ATM I think it's just WD and Scott, so if we want to call it a game, keep going or re-recruit that's fine, it's up to you guys


----------



## Walking Dad (Jun 14, 2011)

*OOC:*



I actually like the concept of the game, but I think we should try a re-start if only 2 original players remain. We didn't gotten that far and I would like to try another character concept (Dhampyr Sorcerer with the Undead (Sanguine) bloodline.


----------



## GandalfMithrandir (Jun 14, 2011)

that's fine with me, OK with you, Scott?


----------



## Scott DeWar (Jun 15, 2011)

Walking Dad said:


> *OOC:*
> 
> 
> 
> I actually like the concept of the game, but I think we should try a re-start if only 2 original players remain.
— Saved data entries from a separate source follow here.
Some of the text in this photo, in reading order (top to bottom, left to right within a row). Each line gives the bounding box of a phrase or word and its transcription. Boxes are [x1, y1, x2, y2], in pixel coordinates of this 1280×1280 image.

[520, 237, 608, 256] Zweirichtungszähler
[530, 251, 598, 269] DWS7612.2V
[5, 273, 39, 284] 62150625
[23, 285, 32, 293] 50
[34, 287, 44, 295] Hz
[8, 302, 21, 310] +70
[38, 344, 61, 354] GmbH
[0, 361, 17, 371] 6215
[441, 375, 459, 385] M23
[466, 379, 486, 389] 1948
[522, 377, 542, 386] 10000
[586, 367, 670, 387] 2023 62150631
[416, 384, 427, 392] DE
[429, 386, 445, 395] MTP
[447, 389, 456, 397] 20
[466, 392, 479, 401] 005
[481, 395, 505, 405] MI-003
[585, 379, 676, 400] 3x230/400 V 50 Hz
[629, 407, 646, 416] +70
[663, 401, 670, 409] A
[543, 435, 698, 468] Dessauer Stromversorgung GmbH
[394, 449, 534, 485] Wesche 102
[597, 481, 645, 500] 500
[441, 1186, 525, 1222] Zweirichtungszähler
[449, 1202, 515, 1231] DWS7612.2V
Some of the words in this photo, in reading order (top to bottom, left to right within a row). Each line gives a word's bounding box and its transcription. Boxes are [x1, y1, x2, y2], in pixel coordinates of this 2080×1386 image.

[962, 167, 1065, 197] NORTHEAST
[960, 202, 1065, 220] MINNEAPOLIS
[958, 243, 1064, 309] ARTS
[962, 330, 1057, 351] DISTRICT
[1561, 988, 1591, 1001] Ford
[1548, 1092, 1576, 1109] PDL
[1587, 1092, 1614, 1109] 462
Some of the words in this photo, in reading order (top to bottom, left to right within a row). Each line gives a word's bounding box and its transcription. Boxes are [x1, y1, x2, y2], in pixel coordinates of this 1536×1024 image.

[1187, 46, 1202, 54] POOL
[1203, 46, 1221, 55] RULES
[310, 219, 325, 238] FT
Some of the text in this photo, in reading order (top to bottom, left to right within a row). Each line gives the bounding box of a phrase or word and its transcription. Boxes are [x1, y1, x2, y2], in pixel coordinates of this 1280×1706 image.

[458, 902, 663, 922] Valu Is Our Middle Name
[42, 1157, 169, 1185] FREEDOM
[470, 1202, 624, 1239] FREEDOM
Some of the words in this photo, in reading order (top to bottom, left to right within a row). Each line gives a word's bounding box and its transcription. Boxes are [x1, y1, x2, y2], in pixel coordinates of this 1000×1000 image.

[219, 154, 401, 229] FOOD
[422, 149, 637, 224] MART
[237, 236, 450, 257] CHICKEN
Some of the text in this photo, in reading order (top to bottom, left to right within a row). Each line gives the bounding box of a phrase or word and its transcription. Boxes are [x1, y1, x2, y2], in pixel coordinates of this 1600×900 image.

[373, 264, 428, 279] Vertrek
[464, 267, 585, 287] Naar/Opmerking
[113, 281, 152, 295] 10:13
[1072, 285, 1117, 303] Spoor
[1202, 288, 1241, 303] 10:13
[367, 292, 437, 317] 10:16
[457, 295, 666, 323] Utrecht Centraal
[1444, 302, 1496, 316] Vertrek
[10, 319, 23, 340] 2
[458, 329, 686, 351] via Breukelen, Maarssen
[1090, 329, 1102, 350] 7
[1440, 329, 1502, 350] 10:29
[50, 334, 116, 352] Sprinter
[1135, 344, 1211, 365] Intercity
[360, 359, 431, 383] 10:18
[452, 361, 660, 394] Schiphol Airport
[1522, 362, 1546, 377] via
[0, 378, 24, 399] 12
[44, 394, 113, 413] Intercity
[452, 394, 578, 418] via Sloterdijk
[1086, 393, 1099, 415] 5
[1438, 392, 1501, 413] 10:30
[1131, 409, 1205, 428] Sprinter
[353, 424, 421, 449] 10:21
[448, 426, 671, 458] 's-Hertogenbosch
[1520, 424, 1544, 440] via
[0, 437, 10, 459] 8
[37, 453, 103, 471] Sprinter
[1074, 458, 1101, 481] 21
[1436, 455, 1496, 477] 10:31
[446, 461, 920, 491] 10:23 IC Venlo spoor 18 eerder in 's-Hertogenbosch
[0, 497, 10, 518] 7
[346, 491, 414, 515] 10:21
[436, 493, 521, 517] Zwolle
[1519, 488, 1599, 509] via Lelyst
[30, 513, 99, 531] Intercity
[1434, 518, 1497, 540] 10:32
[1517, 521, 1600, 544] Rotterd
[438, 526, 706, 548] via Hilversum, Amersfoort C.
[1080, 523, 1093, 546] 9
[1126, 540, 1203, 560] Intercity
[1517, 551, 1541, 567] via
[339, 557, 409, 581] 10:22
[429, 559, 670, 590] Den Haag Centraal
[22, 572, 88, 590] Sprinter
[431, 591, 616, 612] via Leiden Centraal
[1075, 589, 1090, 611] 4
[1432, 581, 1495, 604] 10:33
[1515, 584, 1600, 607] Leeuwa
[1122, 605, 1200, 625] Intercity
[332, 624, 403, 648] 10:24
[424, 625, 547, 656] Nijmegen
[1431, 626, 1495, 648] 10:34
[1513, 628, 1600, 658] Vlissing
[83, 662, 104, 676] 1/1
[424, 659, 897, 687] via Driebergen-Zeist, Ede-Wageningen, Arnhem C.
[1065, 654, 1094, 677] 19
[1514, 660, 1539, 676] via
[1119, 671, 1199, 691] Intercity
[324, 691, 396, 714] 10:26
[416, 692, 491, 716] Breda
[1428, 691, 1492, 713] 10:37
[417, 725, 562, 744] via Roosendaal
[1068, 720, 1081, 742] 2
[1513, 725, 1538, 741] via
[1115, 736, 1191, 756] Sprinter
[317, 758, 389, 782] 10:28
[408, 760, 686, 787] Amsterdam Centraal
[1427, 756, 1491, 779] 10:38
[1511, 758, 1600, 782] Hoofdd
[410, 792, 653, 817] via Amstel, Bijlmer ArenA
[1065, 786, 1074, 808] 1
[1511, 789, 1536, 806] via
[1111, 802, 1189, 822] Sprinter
We hadn't gotten that far and I would like to try another character concept (Dhampyr Sorcerer with the Undead (Sanguine) bloodline.






GandalfMithrandir said:


> that's fine with me, OK with you, Scott?




I would like a re-start as well, just giveme a moment to think about what to re-adjust. I am still thinking rogue, but not the city focused one i had at the start.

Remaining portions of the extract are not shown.